From the Federal Reserve Bank of New York's Liberty Street Economics blog, August 15:
China’s population is only growing at a 0.5 percent annual rate, its
working-age cohort (ages 15 to 64) is shrinking, and the share of the
population that is 65 and over is rising rapidly. Together, these trends
will act as a significant restraint on the country’s economic growth.

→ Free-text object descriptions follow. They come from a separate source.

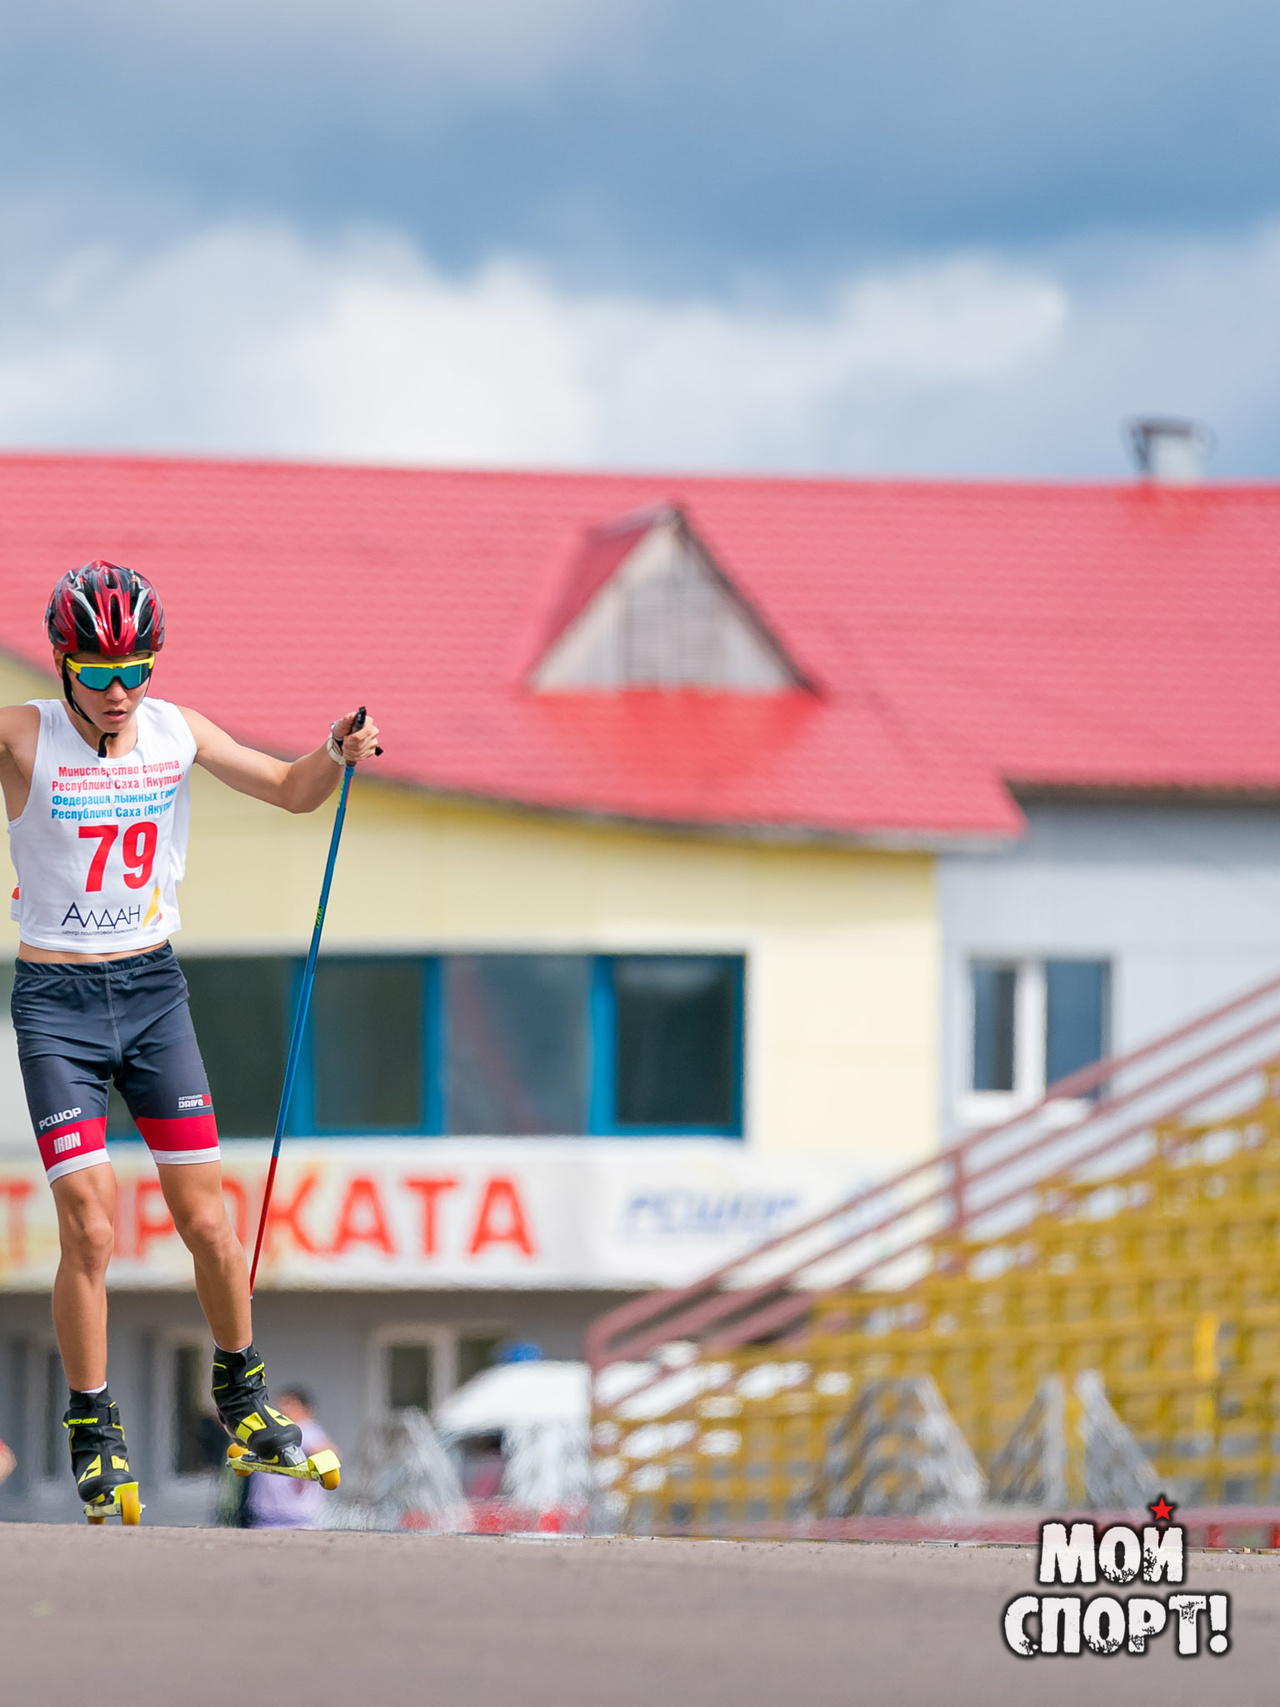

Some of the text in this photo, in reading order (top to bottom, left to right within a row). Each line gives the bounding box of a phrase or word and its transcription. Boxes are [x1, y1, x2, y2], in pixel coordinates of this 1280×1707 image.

[58, 760, 180, 778] Министерство спорта
[51, 780, 112, 793] Республики
[114, 779, 140, 790] Саха
[51, 795, 111, 807] Федерация
[114, 792, 158, 804] лыжных
[51, 808, 113, 821] Республики
[115, 807, 141, 818] Саха
[78, 821, 158, 893] 79
[38, 1107, 82, 1131] РСШОР
[53, 1131, 82, 1155] IRON

Nonetheless, there are reasons to conclude that growth will remain
relatively strong going forward, most notably because the ongoing shift
from rural to urban jobs will continue to boost labor productivity for
some time to come.
China Has Cashed In on an Enormous Demographic Dividend
Demographics have played a major role in China’s economic dynamism of
recent decades, with the country’s GDP growth averaging 10 percent per
year from 1979 to 2010. Before this transformational boom period, China
population was growing rapidly and the government, over the course of
the 1970s, adopted various family planning policies that culminated in
the “one child policy” in 1979. These policies contributed to a
subsequent decline in the fertility rate, which fell from a bit over six
children per woman in 1969 to just under two by 1990.

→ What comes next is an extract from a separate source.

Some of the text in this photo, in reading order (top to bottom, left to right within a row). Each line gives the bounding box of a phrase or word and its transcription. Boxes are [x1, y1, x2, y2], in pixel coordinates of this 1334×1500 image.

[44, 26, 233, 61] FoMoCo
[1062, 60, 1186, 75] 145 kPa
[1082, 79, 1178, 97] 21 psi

The resultant population dynamics led to a large swing in the ratio of
the working-age population to the dependent population (those under 15
and above 64). As illustrated in the chart below, that ratio surged from
1.2 in 1966, when China’s population skewed very young, to a peak of
2.8 in 2010, among the highest ever recorded, as the youth population’s
share of China’s overall population shrank and the aged cohort remained
stable.
China’s economy earned a “demographic dividend”

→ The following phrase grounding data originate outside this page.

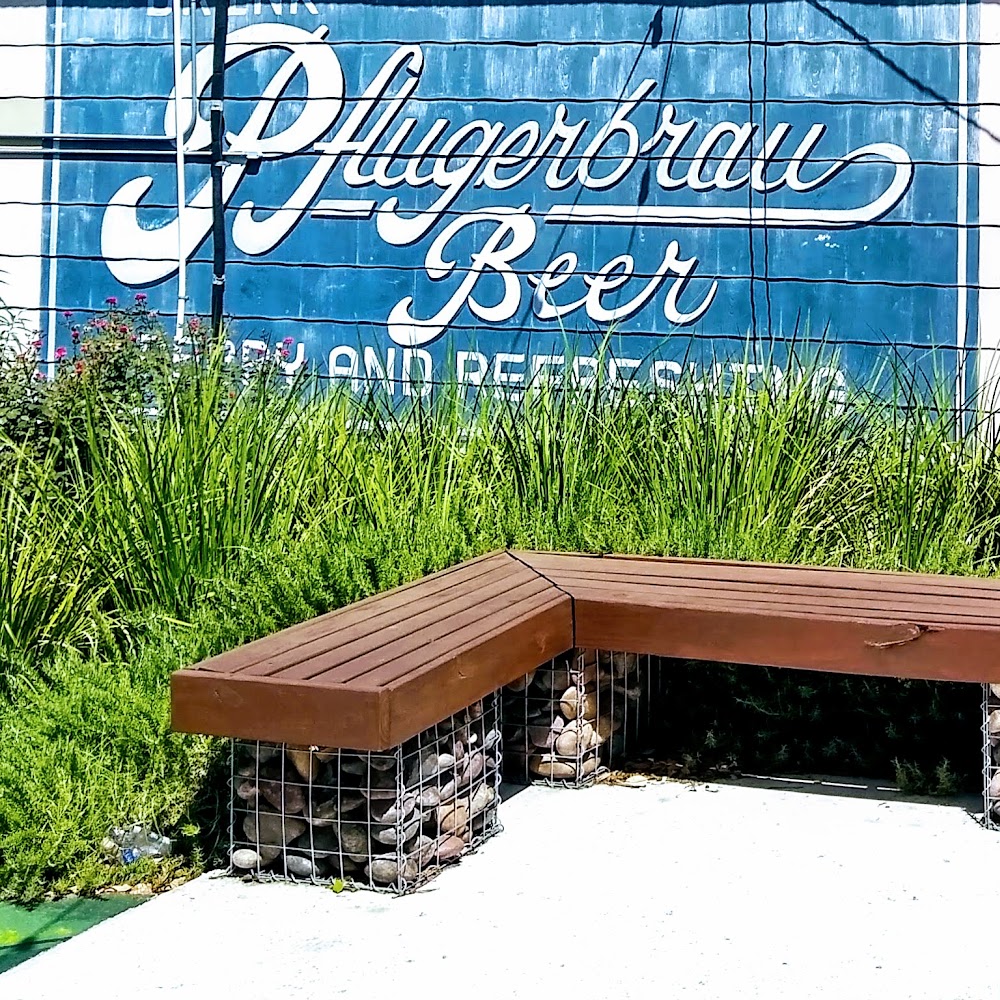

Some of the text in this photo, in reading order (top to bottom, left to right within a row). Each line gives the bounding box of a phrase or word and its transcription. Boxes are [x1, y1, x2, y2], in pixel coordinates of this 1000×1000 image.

[100, 22, 913, 286] Pflugerbrau
[387, 202, 718, 347] Beer
[328, 345, 433, 396] AND
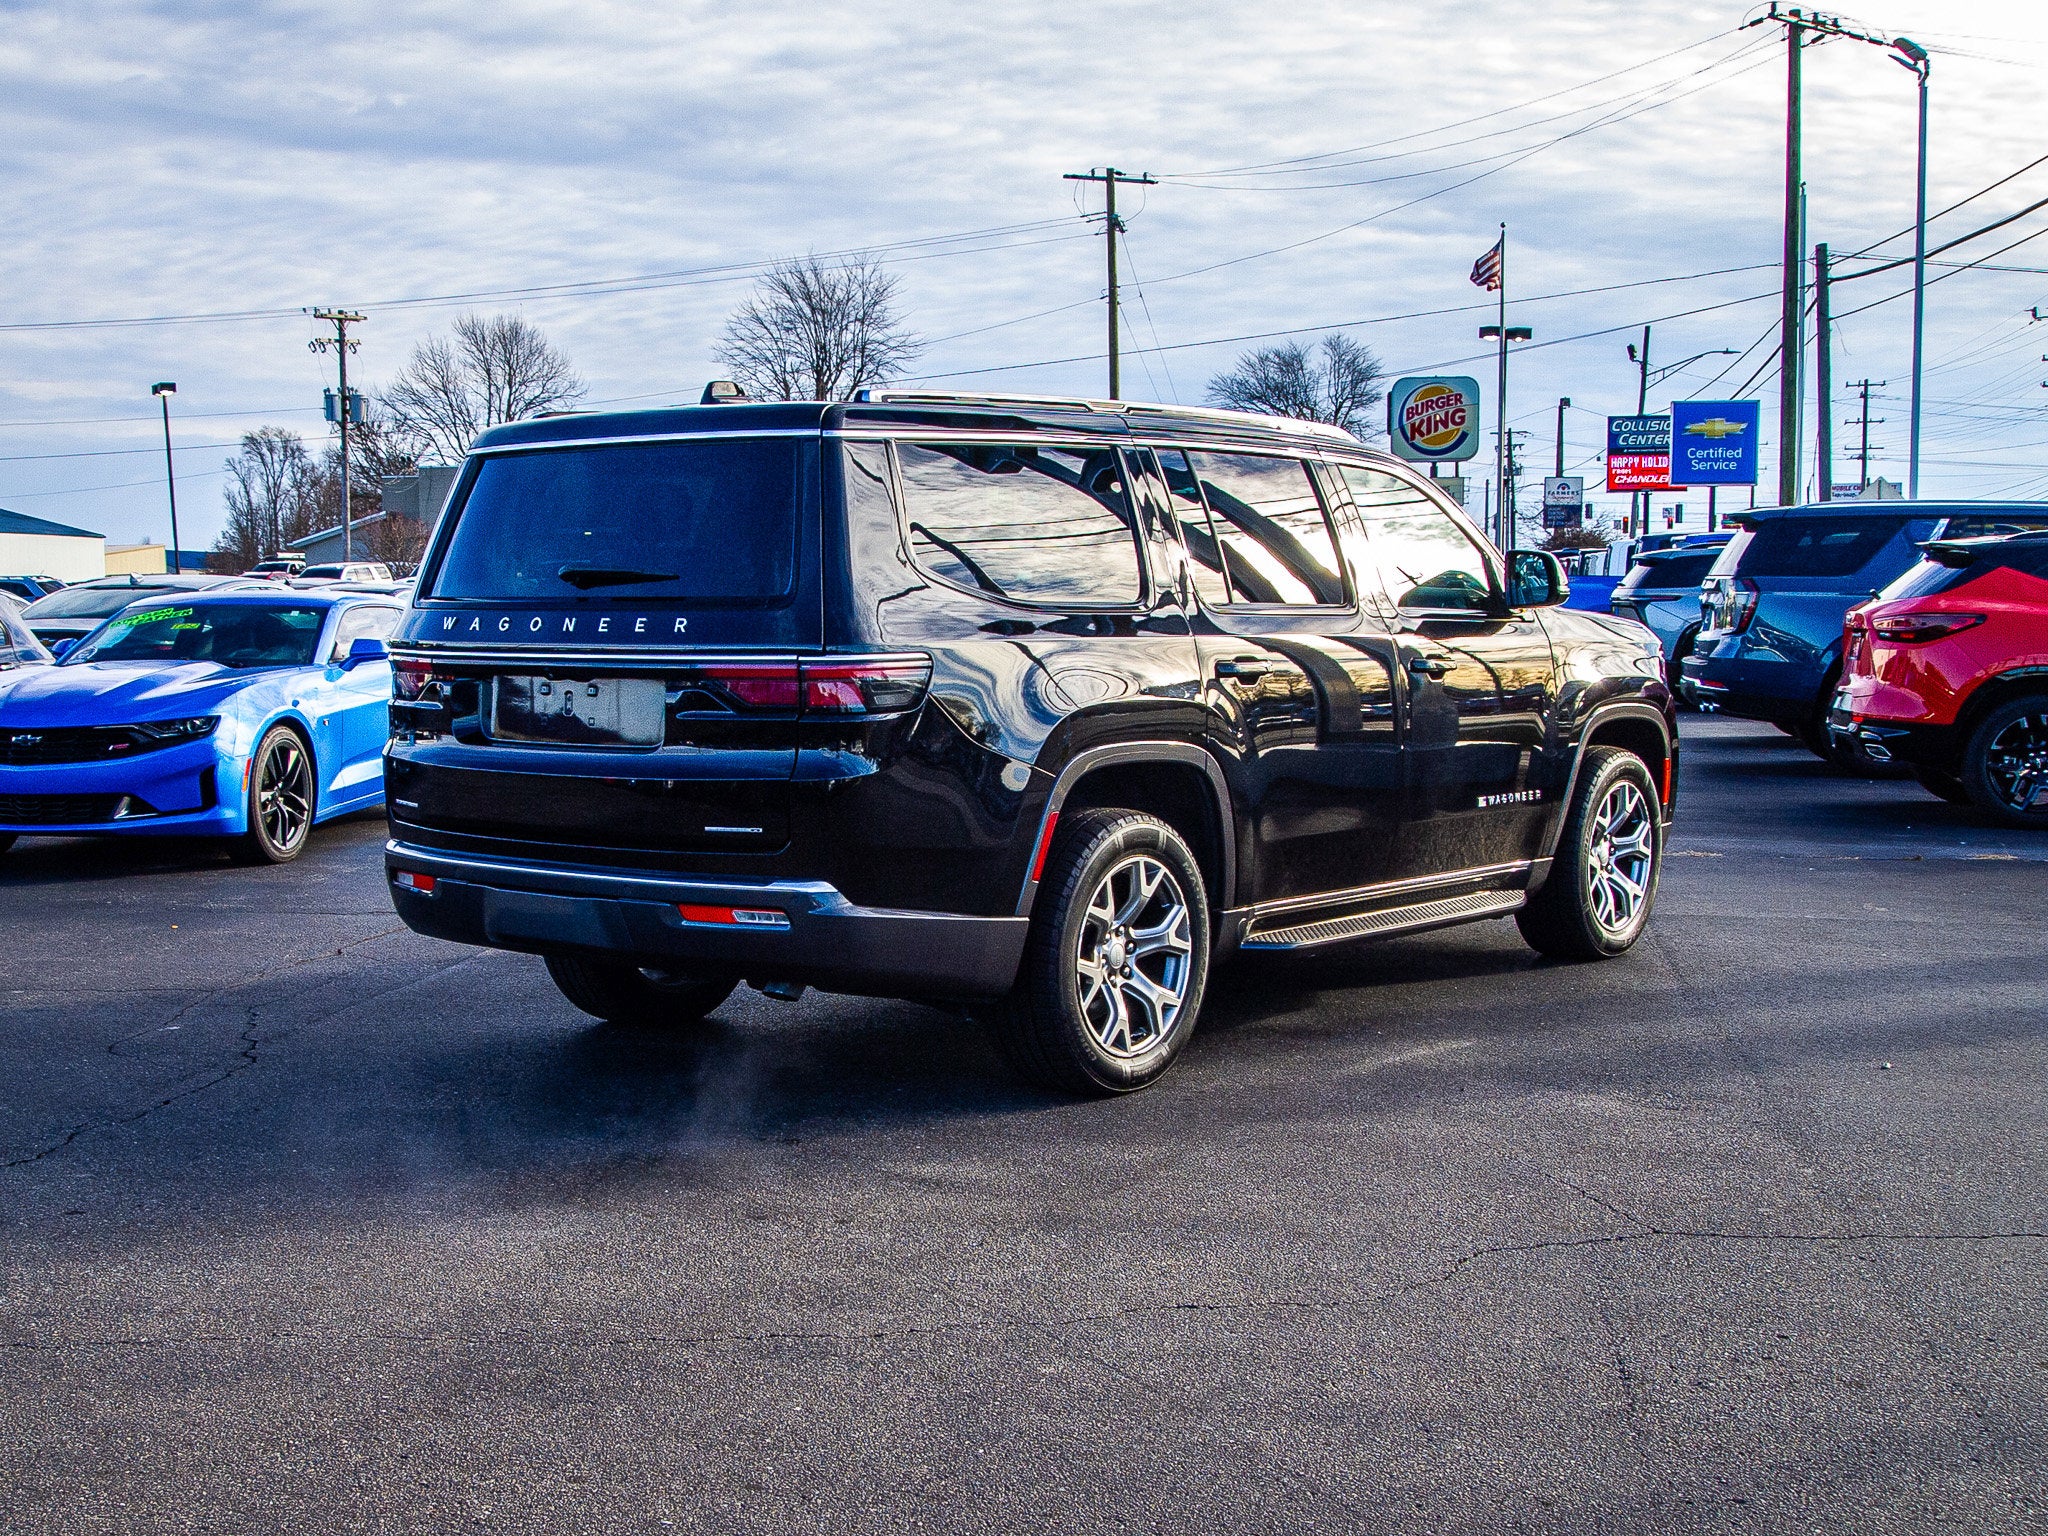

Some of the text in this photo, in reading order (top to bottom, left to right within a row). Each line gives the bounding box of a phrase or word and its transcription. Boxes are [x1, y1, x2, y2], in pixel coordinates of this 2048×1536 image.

[1405, 392, 1464, 422] BURGER
[1408, 407, 1467, 442] KING
[1687, 447, 1742, 459] Certified
[1611, 456, 1639, 468] HAPPY
[1691, 459, 1737, 470] Service
[1614, 474, 1670, 483] CHANDLE
[442, 616, 688, 633] WAGONEER
[1487, 789, 1541, 806] WAGONEER

from having a large decrease in its child-dependent population relative
to its working age population, as did the other highly successful
economies of East Asia. Research
suggests that these economies’ strong growth experiences derived to a
significant degree from having unusually large working age populations,
in proportional terms.
China’s dependency ratio, though, is now set for a steady decline; a United Nations
projection traces a slide from 2.5 in 2017 to 2.1 in 2030 and 1.5 in
2050. Specifically, the working-age population is shrinking while the
share of the population aged 65 and over is surging. Such a decline in a
developing country’s working-age cohort is unusual, as reflected in the
chart below. It compares the U.N. projection for China’s working-age
cohort with those for India and Indonesia, the second and third most
populous developing countries, respectively. Both of those countries are
expected to see their working-age populations grow at 1 percent per
year over the next ten years.
The aging of the population is also pushing China’s dependency ratio
down. The share of the population that is 65 and over rose from 7
percent in 2000 to 10 percent in 2015. It is projected to surpass 17
percent by 2030. Again, the projected trends for India and Indonesia are
quite different, with the 65 and over cohorts in both countries only
rising from 5 percent in 2015 to 8 percent in 2030. ...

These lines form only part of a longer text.